Automatic GO annotation of Long Non-coding RNAs

SPETALE FLAVIO EZEQUIEL; MURILLO JAVIER; VANINA VILLANOVA; BULACIO PILAR; TAPIA, ELIZABETH

Queretaro

Simposio; ISCB-LA SoIBio BioNetMX 2020; 2020

The study of long non-coding RNAs (lncRNAs), > 200 nucleotides, is central to understanding the development and progression of many complex diseases. Unlike proteins, the functionality of lncRNAs is only subtly encoded in their primary sequence. Hence, current in-silico lncRNA annotation methods mostly rely on annotations inferred from interaction networks. But extensive experimental studies are required to build these networks. In this work, we present a graph-based Machine Learning method called FGGA-lnc for the automatic Gene Ontology (GO) annotation of lncRNAs across the three GO sub-domains. We build upon FGGA (Factor Graph GO Annotation), a computational method originally developed to annotate protein sequences from non-model organisms. In the FGGA-lnc version, a coding-based approach is introduced to fuse primary sequence and secondary structure information of lncRNA molecules. As a result, lncRNA sequences become sequences of a higher-order alphabet allowing supervised learning methods to assess individual GO-term annotations.
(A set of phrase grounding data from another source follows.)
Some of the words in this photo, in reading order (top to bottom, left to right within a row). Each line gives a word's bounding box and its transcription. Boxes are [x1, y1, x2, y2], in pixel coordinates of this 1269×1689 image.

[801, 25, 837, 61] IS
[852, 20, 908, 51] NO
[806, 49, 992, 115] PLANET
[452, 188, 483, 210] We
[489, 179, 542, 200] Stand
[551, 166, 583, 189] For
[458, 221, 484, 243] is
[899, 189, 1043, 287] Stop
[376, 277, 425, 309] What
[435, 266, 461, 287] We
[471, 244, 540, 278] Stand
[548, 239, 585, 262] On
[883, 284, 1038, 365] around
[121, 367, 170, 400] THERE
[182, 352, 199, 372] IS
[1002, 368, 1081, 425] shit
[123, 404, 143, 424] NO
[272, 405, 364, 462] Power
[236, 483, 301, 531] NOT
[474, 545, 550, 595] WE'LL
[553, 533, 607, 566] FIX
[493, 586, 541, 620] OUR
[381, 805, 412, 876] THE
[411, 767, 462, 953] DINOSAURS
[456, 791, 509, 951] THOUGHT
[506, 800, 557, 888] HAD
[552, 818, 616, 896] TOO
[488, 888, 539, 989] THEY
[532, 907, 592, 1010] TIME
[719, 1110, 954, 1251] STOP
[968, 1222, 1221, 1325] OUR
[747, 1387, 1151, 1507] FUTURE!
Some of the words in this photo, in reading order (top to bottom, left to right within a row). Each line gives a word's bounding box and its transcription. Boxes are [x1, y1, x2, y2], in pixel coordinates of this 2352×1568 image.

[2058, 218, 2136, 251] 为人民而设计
The set of likely inconsistent GO annotations is then polished by the message passing machinery embodied in the factor graph model of the target ontology. Evaluations of FGGA-lnc on zebrafish lncRNA data showed promising results suggesting it as a candidate to satisfy the huge demand of functional annotations arising from high-throughput sequencing technologies.